Diabetes Research and Resources

"Since 1980, age-standardised diabetes prevalence in adults has increased, or at best remained unchanged, in every country. Together with population growth and aging, this rise has led to a near quadrupling of the number of adults with diabetes worldwide."1

Diabetes is a large and growing public-health concern worldwide. On this page we sumarize trends in prevalence and the evidence surrounding environmental contributors to the cluster of diseases known as diabetes.

data from the International Diabetes Foundation IDF Diabetes Atlas 7th Edition. ©CHE

data from the International Diabetes Foundation IDF Diabetes Atlas 7th Edition

Diabetes Overview

Diabetes mellitus is a class of diseases characterized by high glucose levels in the blood. The pancreas, an organ involved in digestion, releases the insulin hormone that affects the blood’s glucose content by allowing glucose to enter the body’s cells. In diabetes, the glucose in the blood cannot get into the body’s cells to provide the energy needed to function. There are three major types of diabetes, plus a condition called prediabetes.2

Type and Etiology Time of Onset Prevalence/Risk Factors

Type 1 diabetes is an autoimmune disease that occurs when the body does not make enough insulin. The body’s immune system malfunctions, attacking and killing the insulin-producing beta cells in the pancreas.

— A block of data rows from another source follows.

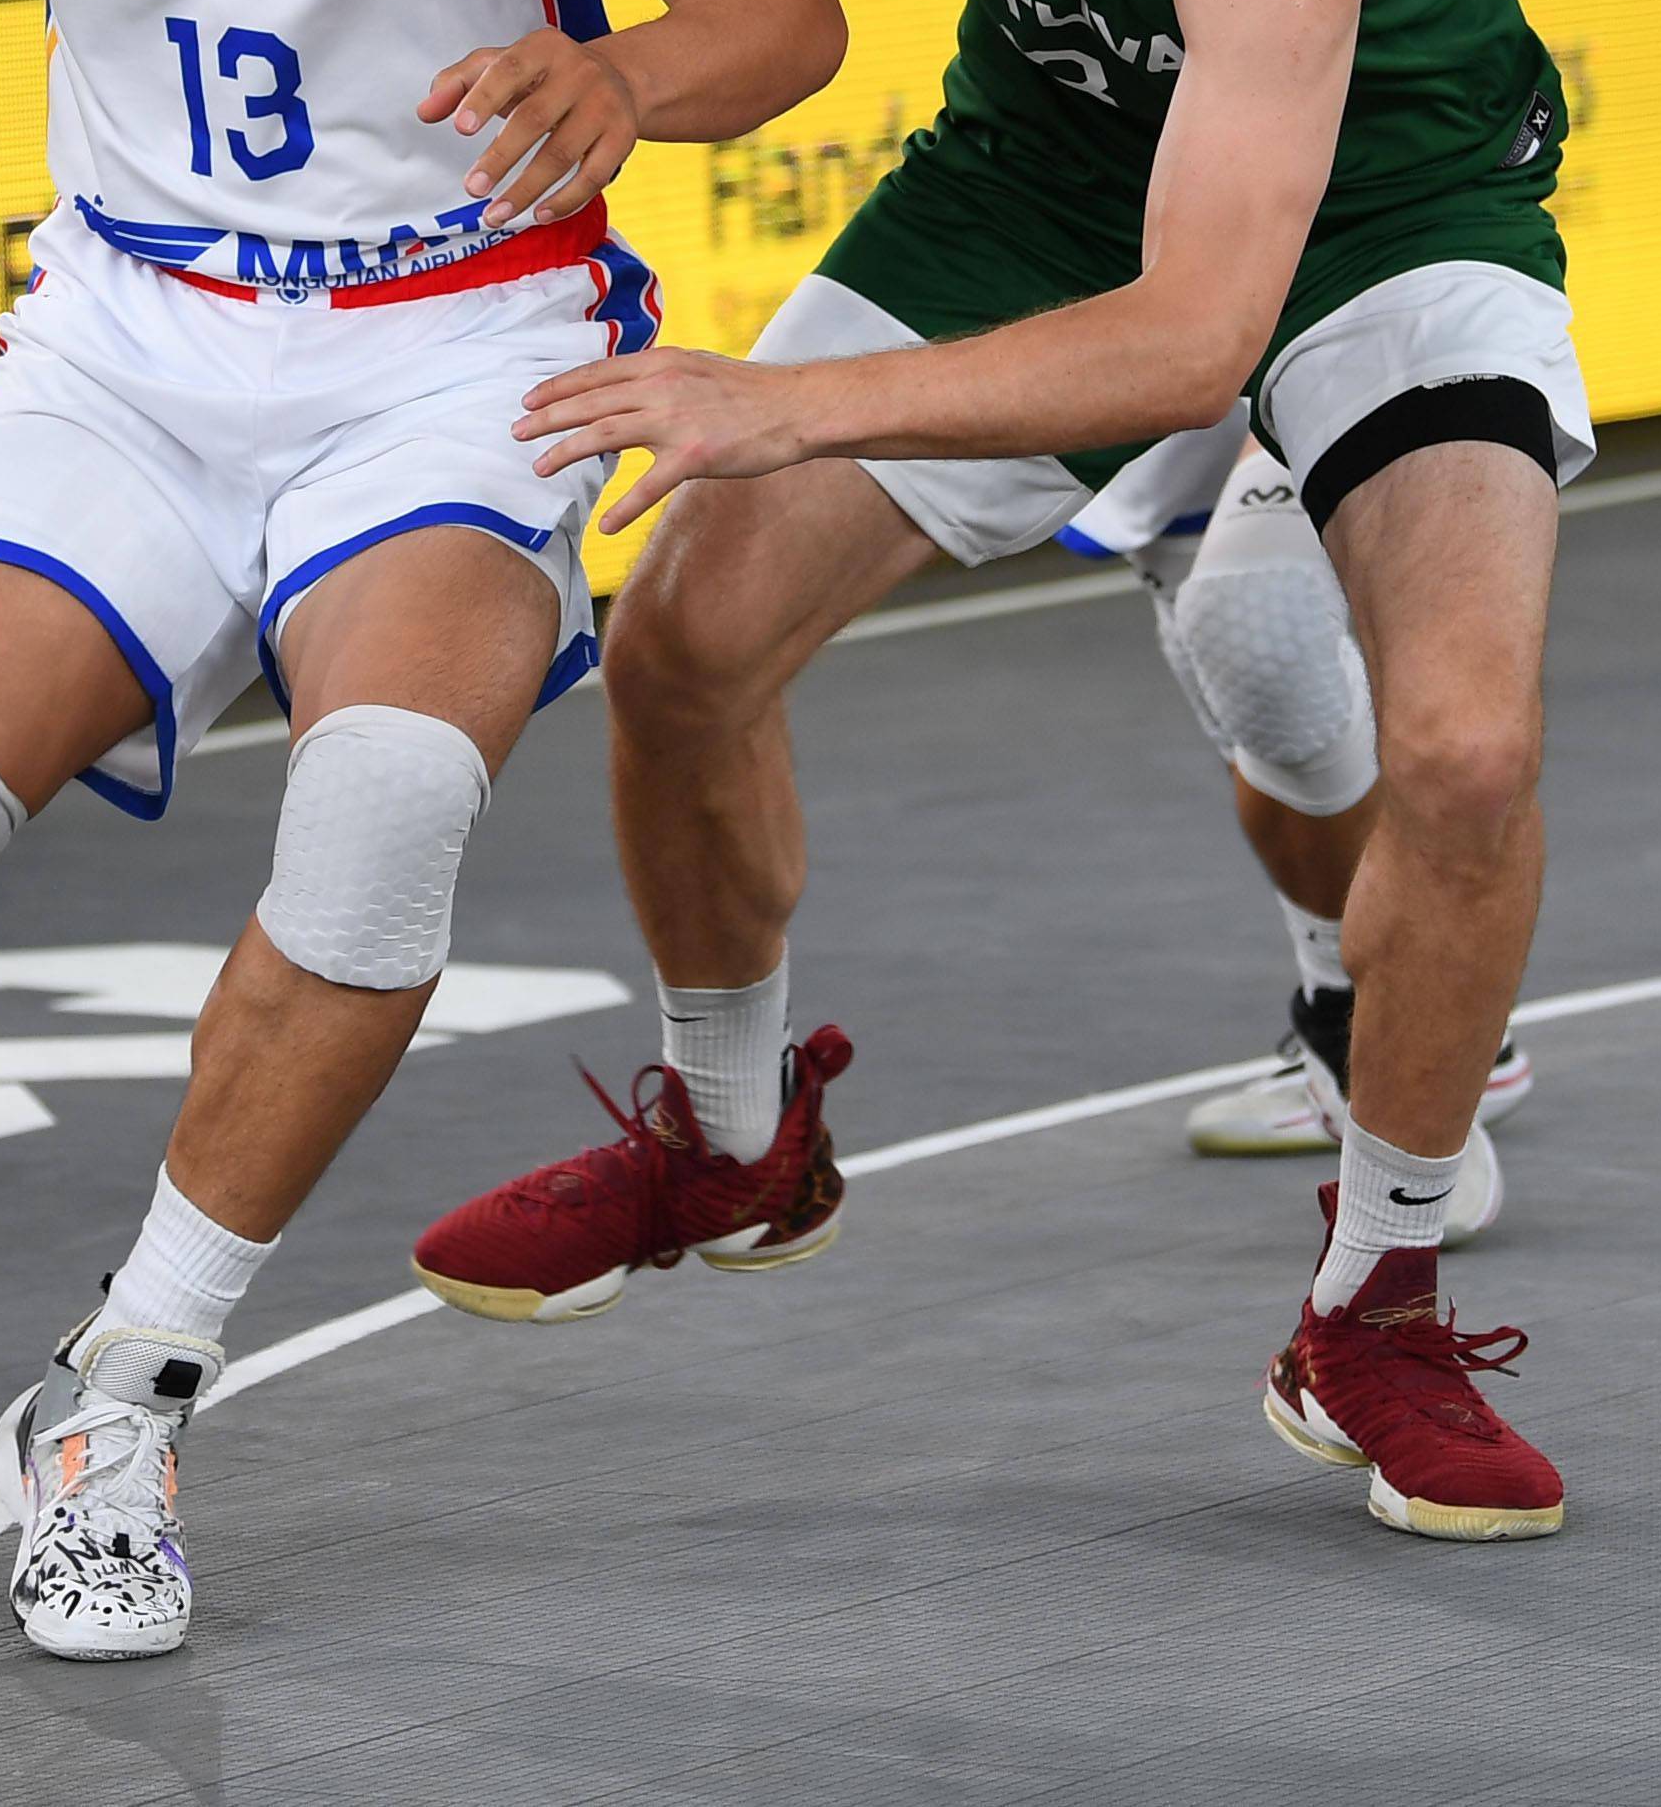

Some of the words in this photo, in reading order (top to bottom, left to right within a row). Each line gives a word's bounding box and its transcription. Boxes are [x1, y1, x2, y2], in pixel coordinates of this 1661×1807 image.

[165, 17, 316, 182] 13
[1531, 107, 1551, 132] XL
[239, 261, 399, 290] MONGOLIAN
[410, 226, 517, 277] AIRLINES
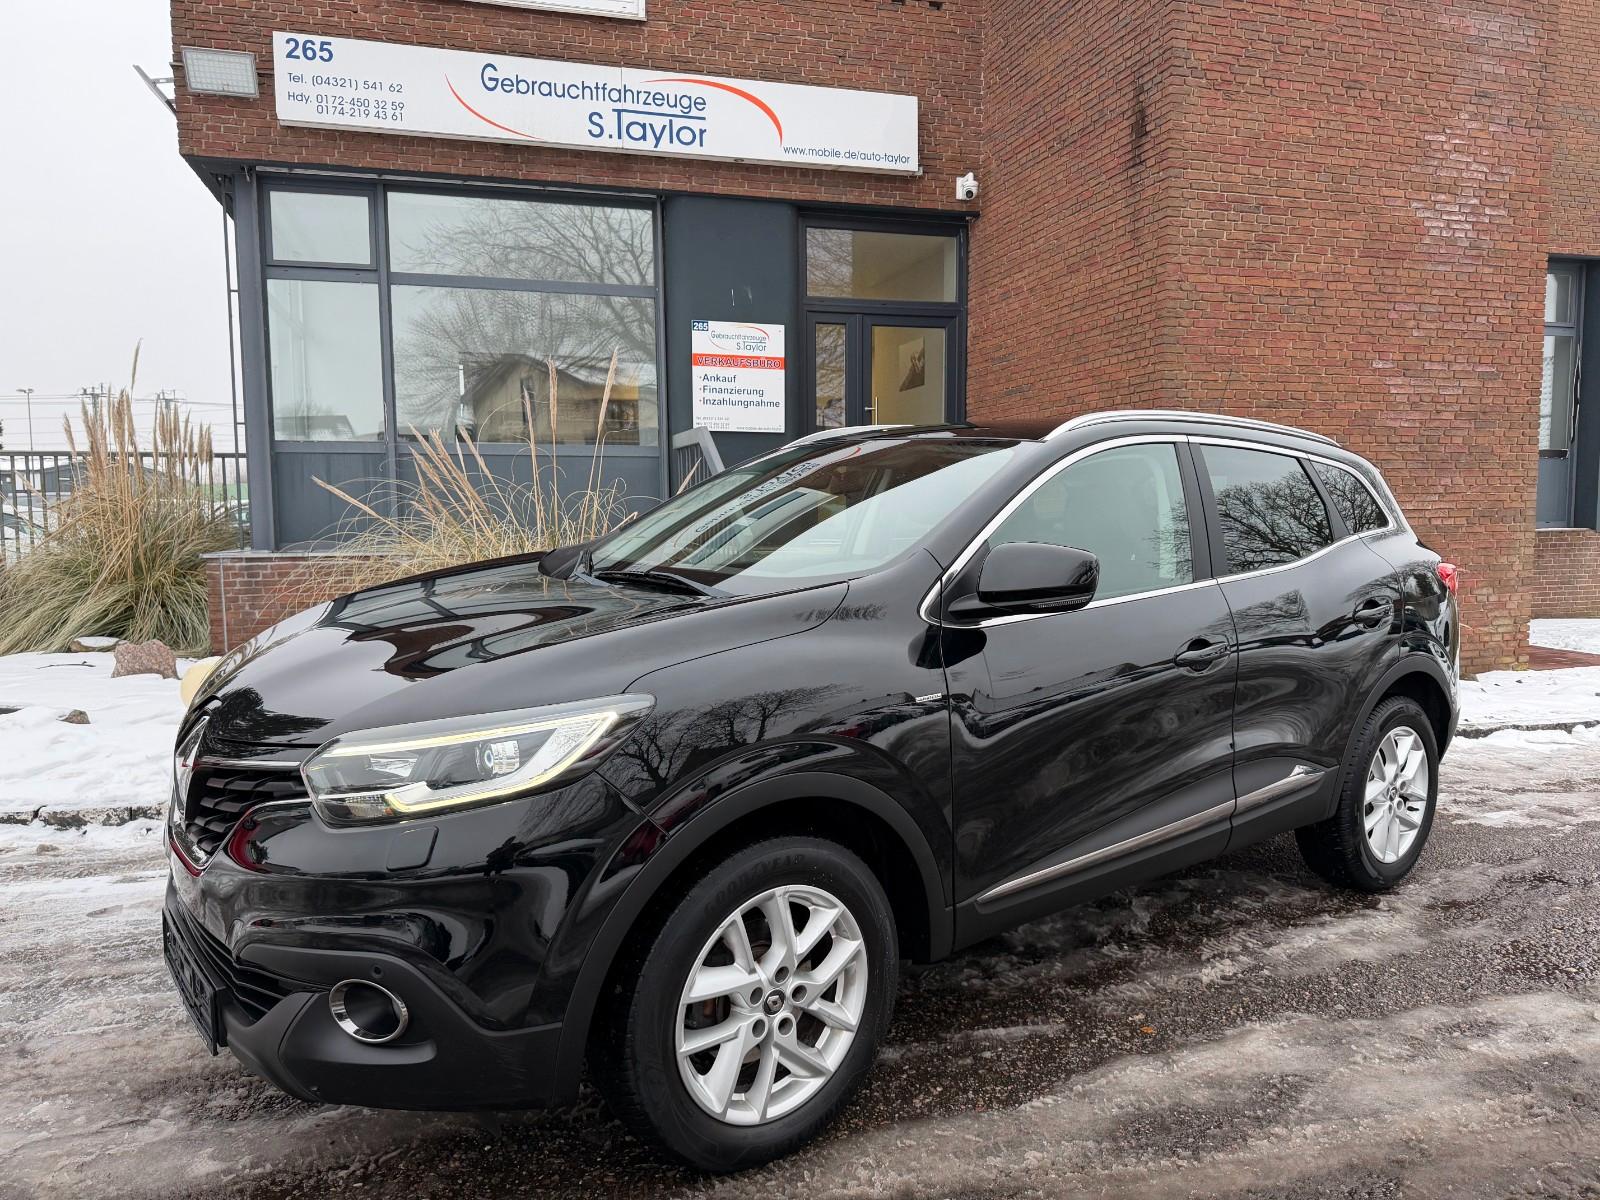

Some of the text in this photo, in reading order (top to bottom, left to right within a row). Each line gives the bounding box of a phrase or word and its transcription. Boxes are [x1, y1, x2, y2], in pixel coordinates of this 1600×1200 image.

[285, 37, 334, 62] 265
[287, 72, 403, 93] Tel. (04321) 541 62
[480, 62, 707, 114] Gebrauchtfahrzeuge
[287, 91, 405, 111] Hdy. 0172-450 32 59
[316, 104, 404, 122] 0174-219 43 61
[587, 108, 707, 149] S.Taylor
[783, 146, 910, 165] www.mobile.de/auto-taylor
[693, 322, 708, 331] 265
[736, 340, 767, 353] S.Taylor
[697, 356, 781, 368] VERKAUFSBÜRO
[702, 373, 737, 383] Ankauf
[702, 385, 764, 398] Finanzierung
[702, 397, 780, 408] Inzahlungnahme

Type 1 diabetes can develop at any age, often in childhood, and there is no known way to prevent the disease.3 Over 18,000 youth are diagnosed with type 1 diabetes each year in the US, accounting for about five percent of all diagnosed diabetes cases.4 Exposure to certain environmental factors, such as viruses, can potentially trigger the autoimmunity involved with type 1 diabetes.5

In type 2 diabetes the body develops insulin resistance and cannot use insulin properly. Insulin resistance occurs when the body’s cells do not allow insulin to enter the cells, despite the presence of insulin in the blood. Insulin resistance can eventually lead to the pancreas's failure to keep up with insulin demands.6

Most cases occur in middle-aged and older individuals, but type 2 diabetes is now also appearing in children.7 Risk factors for type 2 diabetes:8
  • Overweight or low physical activity; however, 20 percent of cases occur among lean individuals, and the mechanism is not well understood9
  • A family history of diabetes
  • Developing gestational diabetes

Gestational Diabetes 

 During pregnancy Overweight and obese women are at the highest risk for developing gestational diabetes. While gestational diabetes normally resolves after birth, both the mother and baby are at increased risk of developing type 2 diabetes later in life.10

Prediabetes refers to high blood glucose levels, but not high enough to be classified as diabetes.11

  86 million people in the US have prediabetes, and nine out of ten people with prediabetes do not know they have it. Without weight loss and moderate physical activity, 15 to 30 percent of individuals with prediabetes will develop type 2 diabetes within five years.12

Chronic Inflammation and Insulin Resistance

Inflammation is involved in the development of both type 1 and type 2 diabetes. The autoimmune reaction involved in type 1 diabetes leads to higher levels of inflammatory markers, such as cytokines, that control the strength of the immune response.13

The major risk factors for type 2 diabetes—overnutrition, low dietary fiber, sedentary lifestyle, sleep deprivation, and depression—have been found to induce low-grade inflammation.14 Excess fat cells promote the formation of visceral adipose tissue, increasing the risk of insulin resistance and resulting in activation of pro-inflammatory antibodies, leading to a cycle of chronic inflammation.15

Insulin resistance can also be caused by endocrine disrupting chemicals (EDCs). Widespread EDCs, such as dioxins, pesticides and bisphenol A (BPA), cause insulin resistance and alter beta cell function in animal models. These EDCs are present in human blood and can accumulate in and be released from fat cells. After binding to cellular receptors and other targets, EDCs either imitate or block hormonal responses.16 See the tables below for more information.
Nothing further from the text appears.